BACKGROUND Histologic examination of bone marrow (BM) is an accepted clinical standard for the detection of metastatic neuroblastoma (NB). Circulating tumor cells in peripheral blood (PB) derive from depots other than BM, and its measurement may provide additional information in the management of patients with NB. METHODS One hundred twenty patients with Stage 4 NB were evaluated for tumor cell content in PB by quantitative reverse transcriptase–polymerase chain reaction (qRT‐PCR) analysis of GD2 synthase mRNA with a sensitivity of 1 NB cell in 10⁶ normal cells.
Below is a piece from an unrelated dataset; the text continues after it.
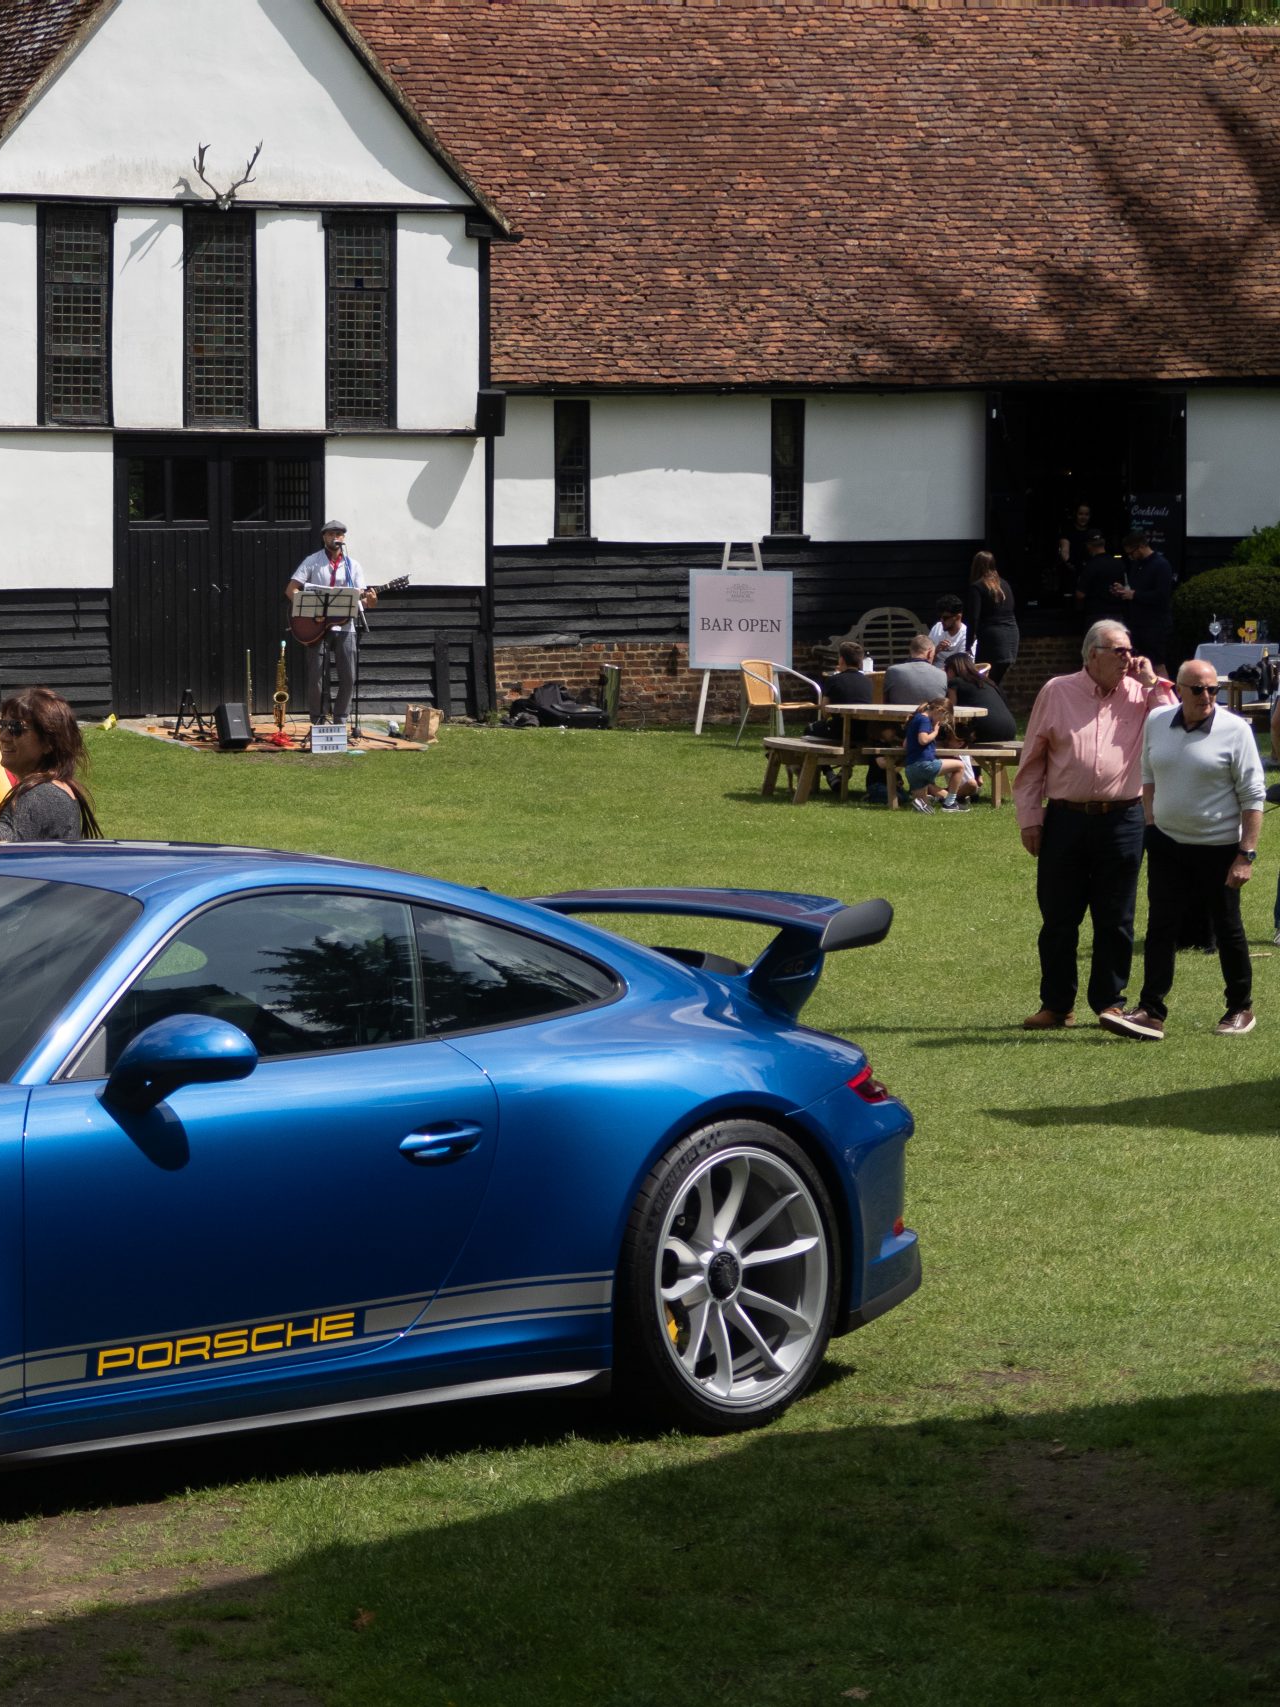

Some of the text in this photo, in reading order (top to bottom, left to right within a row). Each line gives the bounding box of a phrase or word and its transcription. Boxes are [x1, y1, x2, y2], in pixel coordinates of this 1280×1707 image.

These findings were correlated with qRT‐PCR analysis of their simultaneously sampled BM aspirates and 5 standard modalities of disease detection (histology, computed tomography/magnetic resonance imaging, bone scan, metaiodobenzylguanidine scan, and urinary homovanillic acid/vanillylmandelic acid levels). RESULTS Detection of GD2 synthase transcript was found in 62 patients: Eleven patients had positive (+) samples in their BM and PB (BM+PB+), 38 patients had BM+PB‐negative (BM+PB−) specimens, and 13 patients had BM−PB+ samples. BM+PB+ paired samples had the highest transcript levels. When the extent of disease was scored (from 0 to 5) according to the number of positive disease detection modalities, the magnitude of the transcript level correlated with disease score. Ninety‐one percent of patients with BM+PB+ samples had evidence of disease in ≥ 3 modalities, whereas 97% of patients with BM−PB− samples and 100% of patients with BM−PB+ samples had low disease scores ≤ 2. Marker positivity in BM correlated with disease score. Patients who had positive marker in BM or PB had higher rates of relapse and death compared with patients who had negative marker. Kaplan–Meier analysis demonstrated a significantly greater risk of death for patients who had BM+PB+ specimens compared with patients who had BM−PB− samples (P = 0.03). CONCLUSIONS BM monitoring should continue to be an integral part of disease follow‐up for patients with Stage 4 NB. PB monitoring to complement tumor surveillance in the BM can be informative. Cancer 2004. © 2004 American Cancer Society.